A critical piece of any improvement cycle is visibility. In many cases, metadata improvements happen in the shadows. Metadata managers know these improvements are there, but the increased completeness and the return on investment they provide are invisible to the broader community. New developments, like the tools shared in this blog for measurement, or DataCite Commons and the PIDGraph for browsing and connecting, are making the rich metadata and connections visible and helping to demonstrate their value.

Visibility is just one step. It is important to keep in mind that, while these observations suggest repository behaviors in metadata creation and sharing, only repository managers and staff, i.e., the hands on the data, can illuminate the motivations behind these behaviors for others. Recognition of this good work may open the door for increased understanding of these motivations and effective incentives for more complete metadata.

We would like to support the repository community in demonstrating success and building sustained momentum, another important element of organizational change.
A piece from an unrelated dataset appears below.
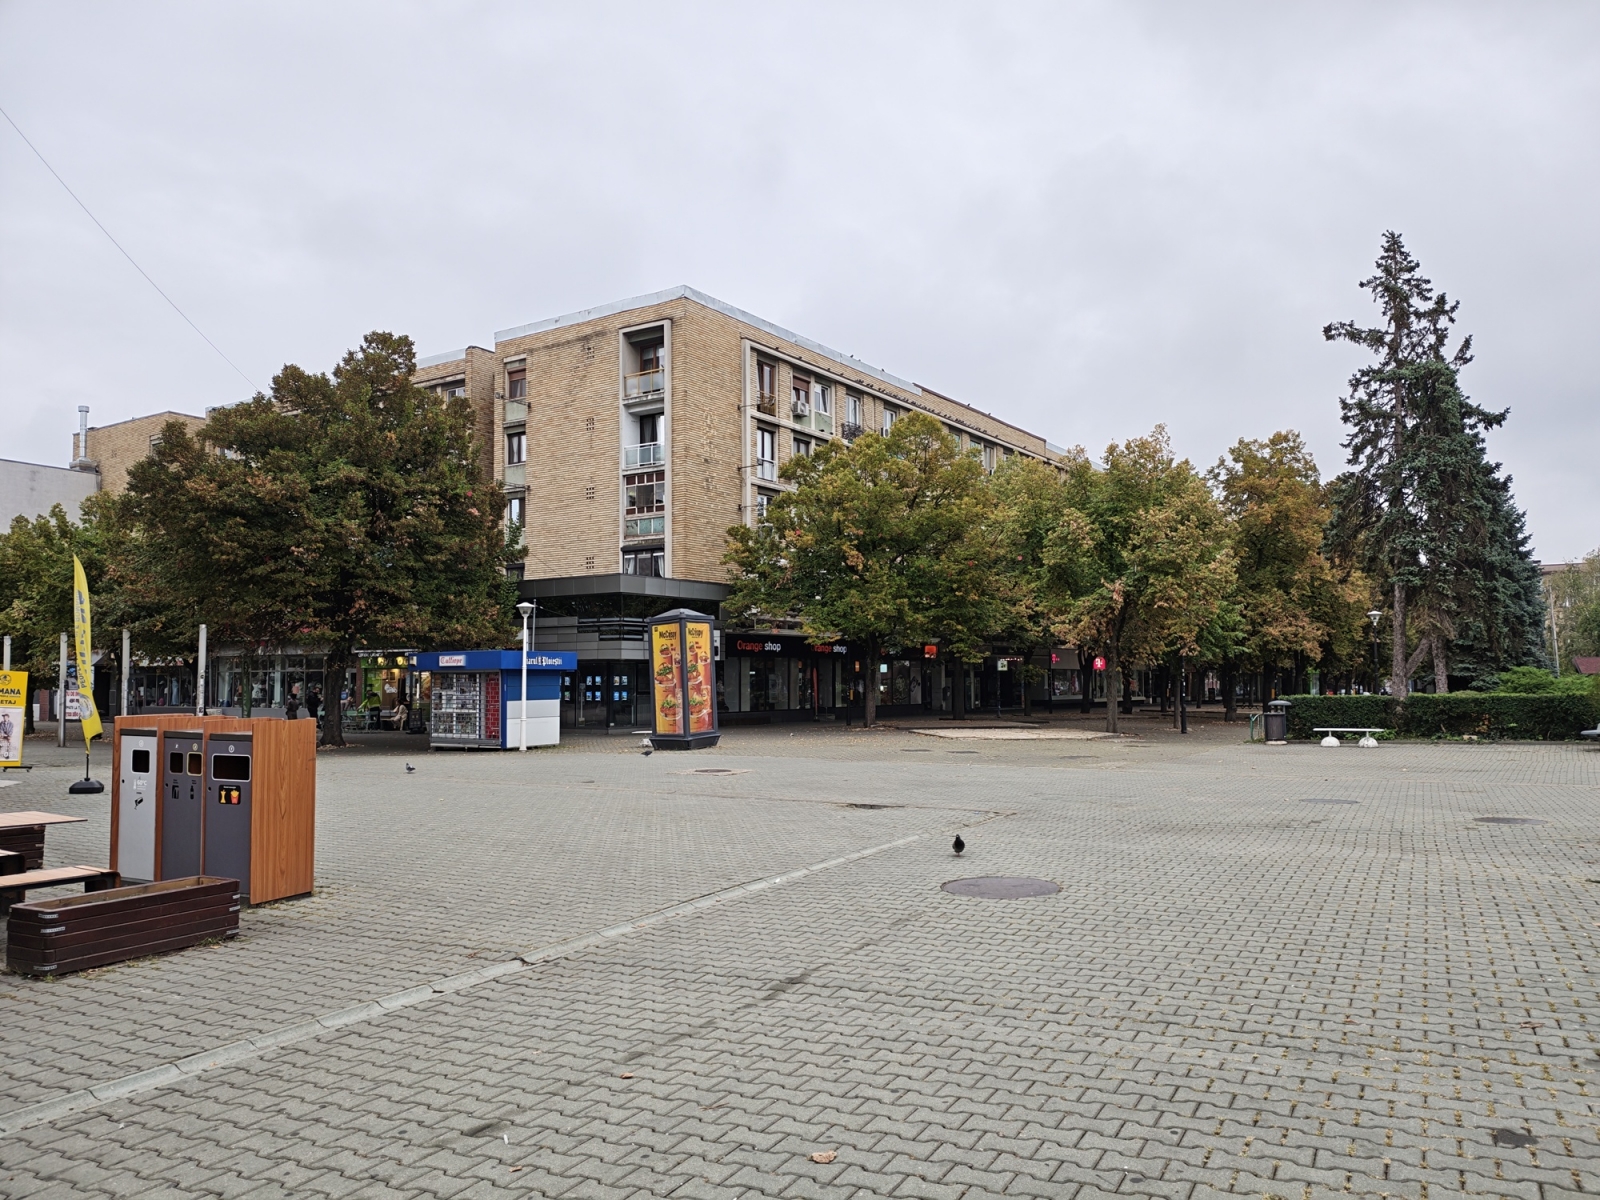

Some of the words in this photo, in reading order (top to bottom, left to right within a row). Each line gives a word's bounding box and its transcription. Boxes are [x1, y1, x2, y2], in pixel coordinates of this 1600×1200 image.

[737, 640, 763, 652] Orange
[764, 641, 782, 652] shop
[833, 644, 848, 655] shop
[526, 656, 538, 665] iarul
If you are a repository manager that wants to work together on measuring and improving your DataCite metadata to go beyond required or average metadata or if you re-curate your metadata and want to be re-assessed let us know! We will continue this series of bright spot blog posts exploring other repositories doing good work and setting good examples.

Acknowledgements

This blog post has been a long time coming and many people have contributed to this work over several years. We are grateful to our collaborators including Matt Jones, DataOne and co-PI of MetaDIG (U.S. National Science Foundation Award 1443062), the DataCite team, especially Kelly and Mary, Jamaica Jones and the RADS team. This blog spurred conversations with FigShare and University of Bath and we are grateful for their review and comments.